No one is forcing you to watch soccer or to play soccer. Soccer is NOT "U.N." (United Nations??? WTF?) or PC, far from it.
That's just a figment of your paranoid and delusional imagination. Next you will be telling us that the black helicopters will be flying in Chinese cavalry troops massing south of the border in Mexico, ready to invade Main Street, USA, and force us to watch soccer at gunpoint. Oh, the horrors! Tell your friends! Wake up, America! </sarcarsm>
You do not speak for all American, or even most Americans, on this subject; Americans have very diverse tastes, many of them don't care for sports of any kind. It's un-American to pretend that certain sports are un-American, frankly. Speak for yourself and stop pretending that you speak for America. You don't.
That said, it's interesting to ponder this ethnocentric insecurity, as that's what it is, for what it says about ourselves. I'm thinking of that All American bumpersticker that goes something like this: "Number 2 is the first Loser!"
You have hit the nail on the head. Insecurity. I remember in grade school when I told a friend that soccer was actually called football and had been around for a lot longer then our American game of football. To see the look on his face you would have thought I had told him that Santa Claus had just killed the Easter Bunny and left the corpse in his bedroom.
Any real American can enjoy soccer either as a player or as a spectator, if he is willing to learn. But he should not get uptight, if he choses not to learn, nor should he care what sports other Americans watch or play.
It's just sports; people here talk as though it were Constitutional Law, or something. Well, the Founding Fathers who wrote our Constitution, played cricket! Deal with it, America. Learn some real history for a change and stop getting so bent out of joint over a game.

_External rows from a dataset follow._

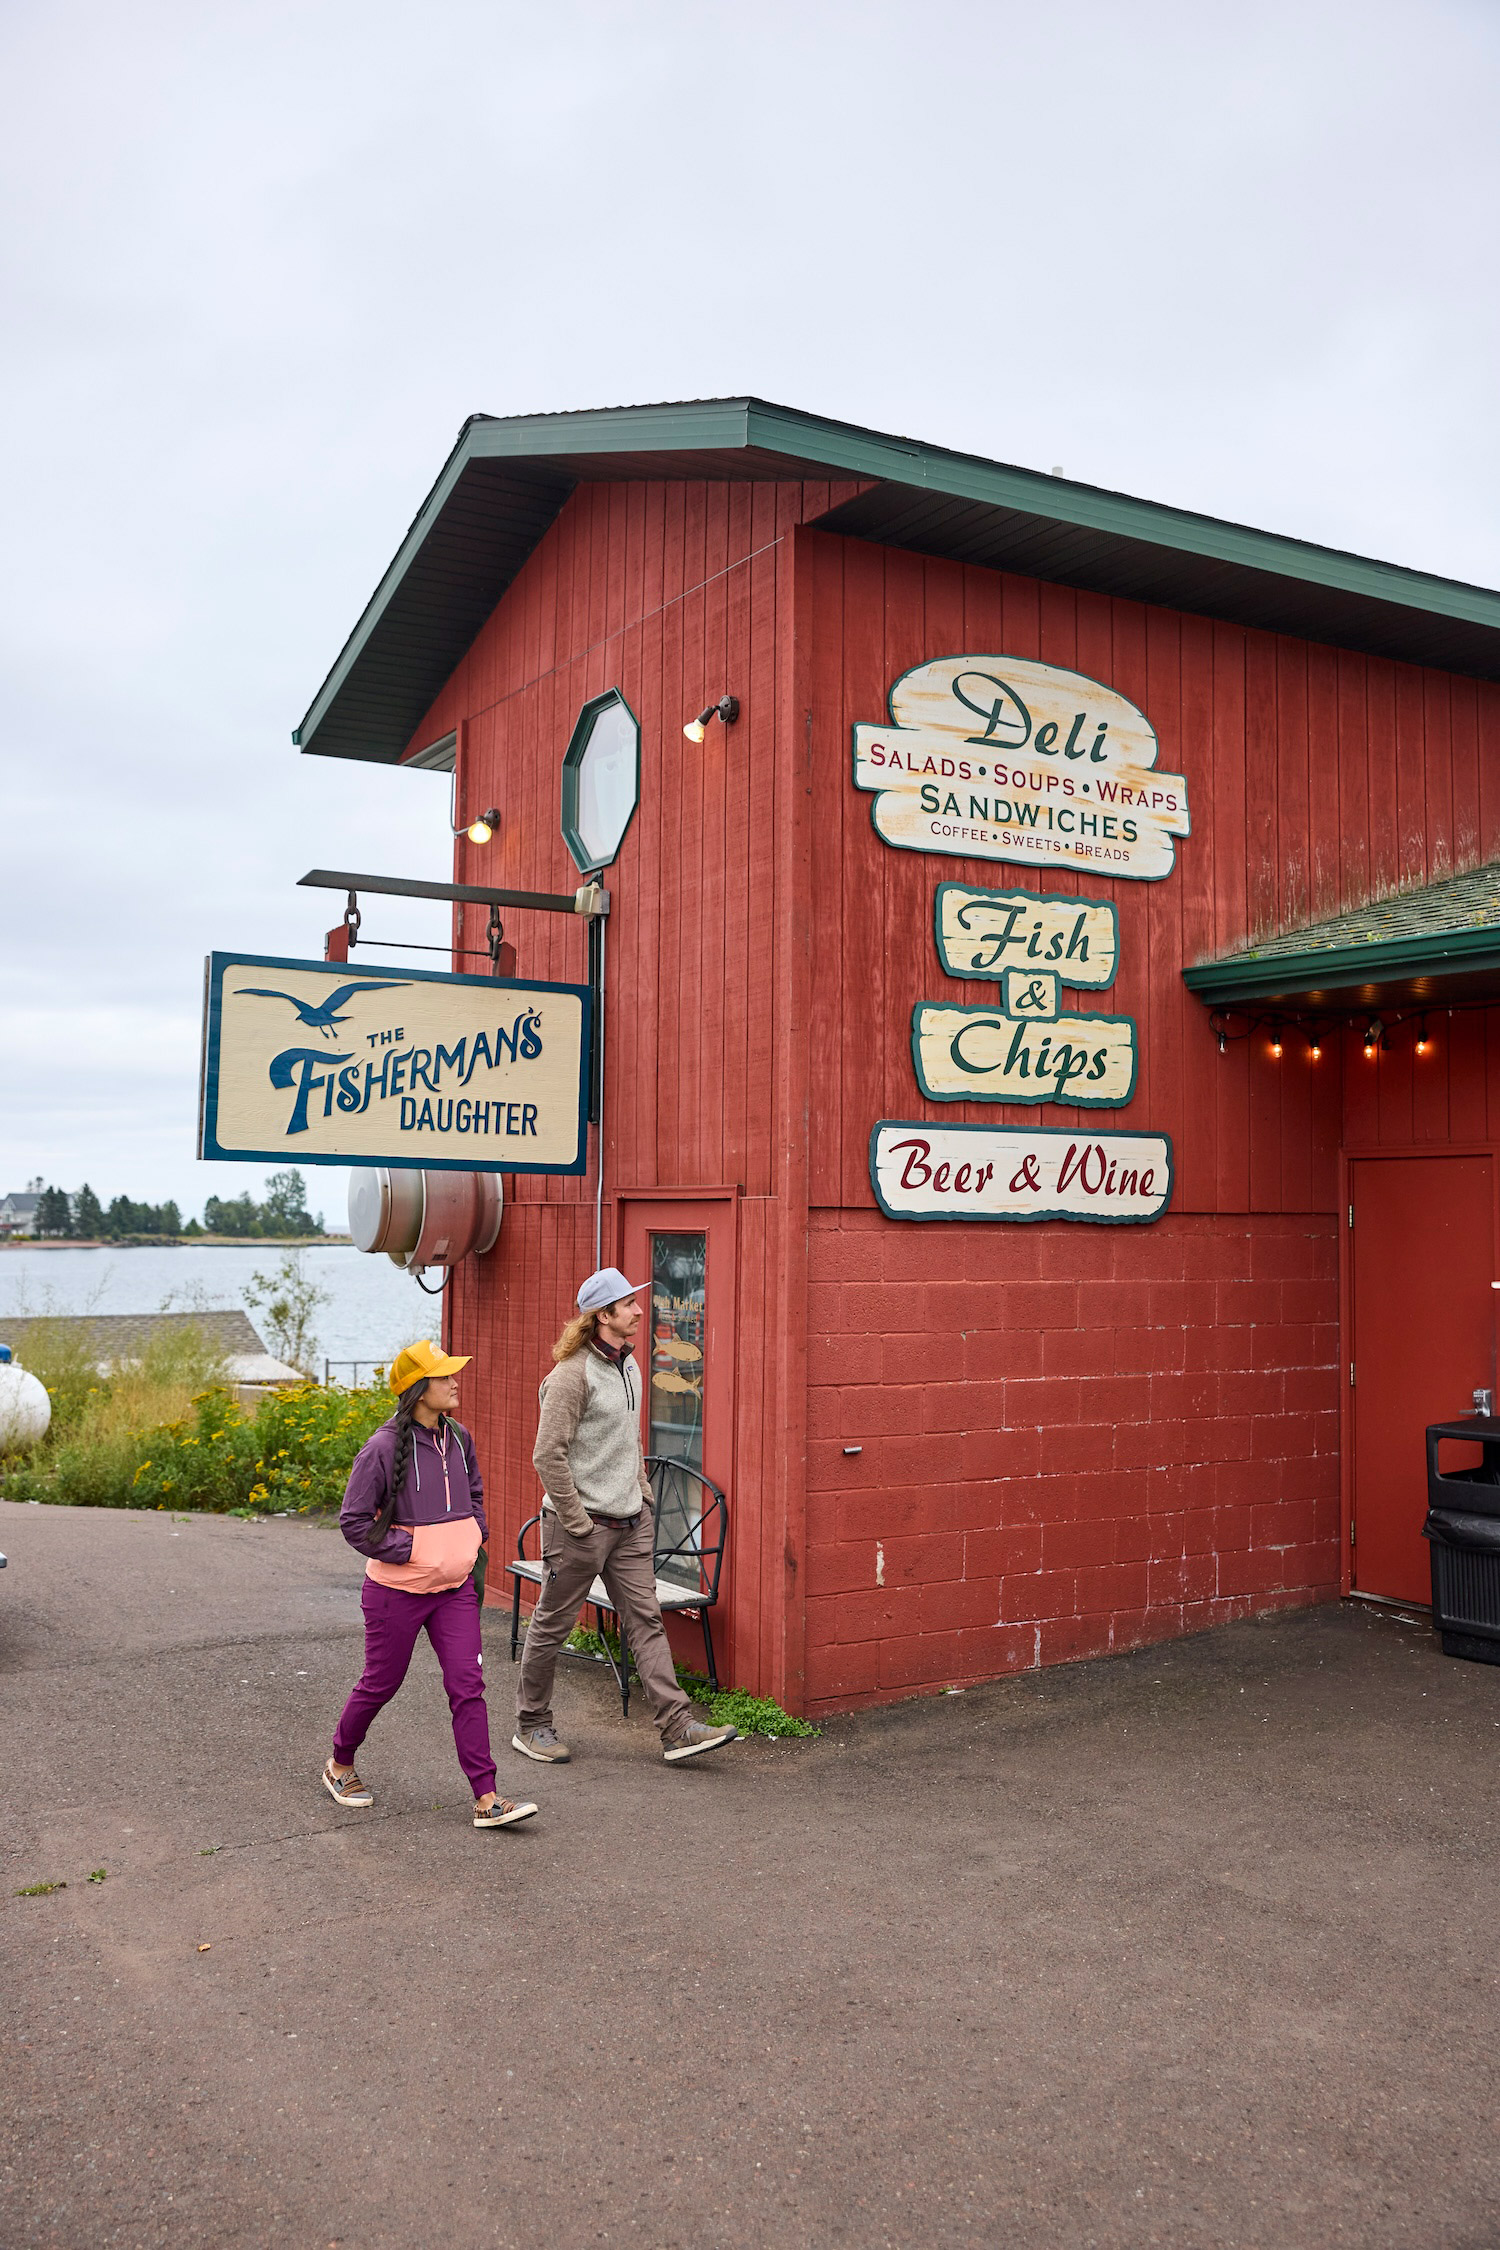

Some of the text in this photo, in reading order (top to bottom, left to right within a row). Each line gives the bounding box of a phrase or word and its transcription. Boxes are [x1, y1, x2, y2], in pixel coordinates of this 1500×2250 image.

[952, 671, 1108, 763] Deli
[870, 743, 1178, 812] SALADS SOUPS WRAPS
[920, 783, 1138, 843] SANDWICHES
[930, 821, 1130, 862] COFFEE SWEETS BREADS
[957, 900, 1089, 968] Fish
[1015, 980, 1048, 1011] &
[366, 1027, 404, 1048] THE
[950, 1019, 1107, 1100] Chips
[400, 1096, 538, 1136] DAUGHTER
[888, 1138, 1156, 1197] Beer & Wine
[673, 1296, 703, 1312] Market
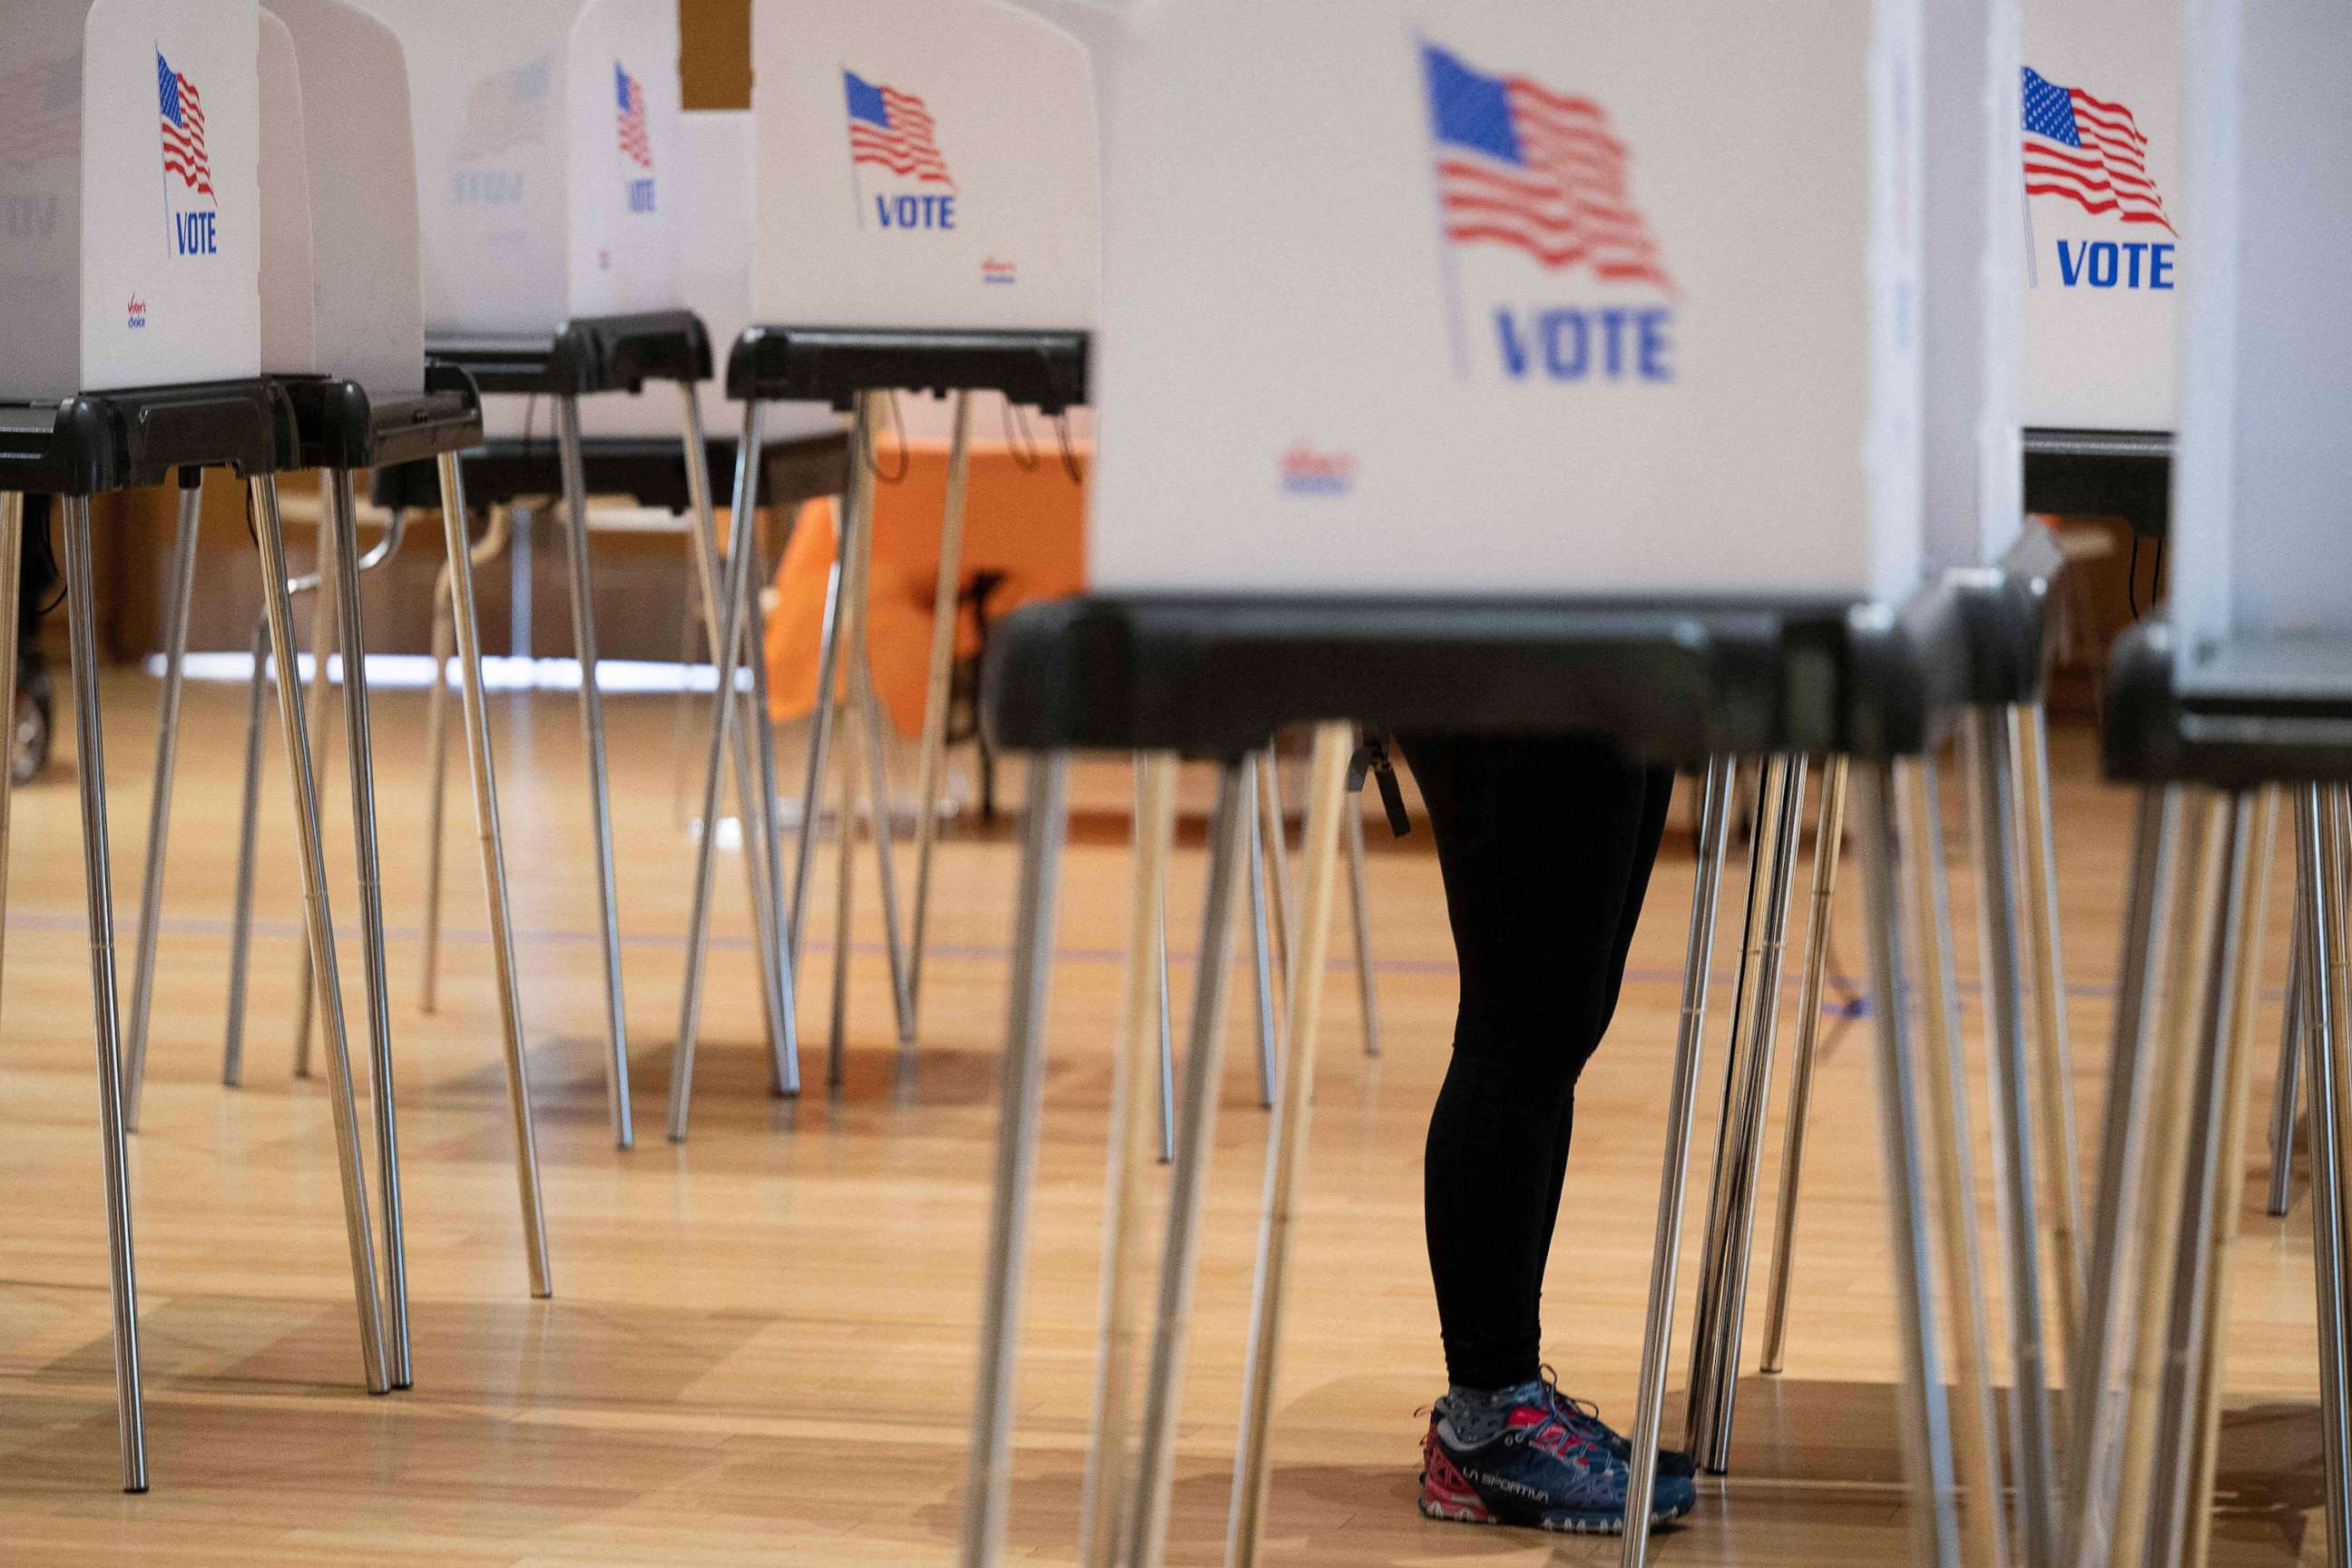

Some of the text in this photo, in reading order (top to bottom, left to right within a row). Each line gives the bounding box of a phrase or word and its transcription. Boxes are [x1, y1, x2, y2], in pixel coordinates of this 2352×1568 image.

[176, 211, 217, 255] VOTE
[876, 193, 956, 230] VOTE
[2056, 240, 2175, 289] VOTE
[1495, 305, 1674, 382] VOTE
[1463, 1465, 1549, 1504] LA SPORTIVA

I take to heart your comments about "Number 2 is the first Loser!" as well; I first saw this slogan on a young kid's teeshirt once (I believe it was something like "Number 2 is still only 1st Loser" or similar, but memory is not what it was), and it made me sick to my stomach. The "values" we teach our young people via sports, are, frankly, not always the best. I can think of some better lessons people should be learning then "Number 2 is the first Loser!"
I hadn't seen so many flags out since WWII or Reagan winning a second term in a 49 state landslide.
There are signs that the soccer moms are slipping into their socialist ways but as long as the fear of god is back in em we will be alright.
I especially love the "fans" who came here when we hosted the games, and threw urine bombs (balloons filled with urine) at the opposing teams players and fans. Very tasteful.
Yea ! And when is baby seal clubbing going to be in the olympics?! < / sarcasm >
You only are allowed to use your FEET and the top of your HEAD for cryin out loud! It's like turning a healthy man loose for sex and saying "but you can only use your toes and the tip of your nose"!
We are the world... Sing it!
This is the clear sign of the juvenile mentality at work: when presented with evidence that his view of reality is mistaken, he precedes as though nothing has happened and continues to pretend that his false ideas are solidly based in reality. Well, guess what, Iowegian: I'm one of those vast right wing conspirators who would like to abolish the UN, eliminate all socialism and return the Federal government to its Constitutionally limited mandates of national defense and its other delegated duties. I hate "We are the World" and anything associated with it.
But what your tiny brain seems incapable of grasping is that we are discussing sports here, not politics. One's like or dislike of a particular sport has no relation at all to one's politics.
"We are the world"? No, we are bored with your pathetic attempts to paint us as leftists or PC or globalists. If you want to see a hive of political correctness, I suggest you check out the current American sports scene. I'll wager there are as many socialists and leftists pulling the strings behind the scenes in the NFL, MLB, NBA, or NHL as there are in soccer at any level. Maybe more.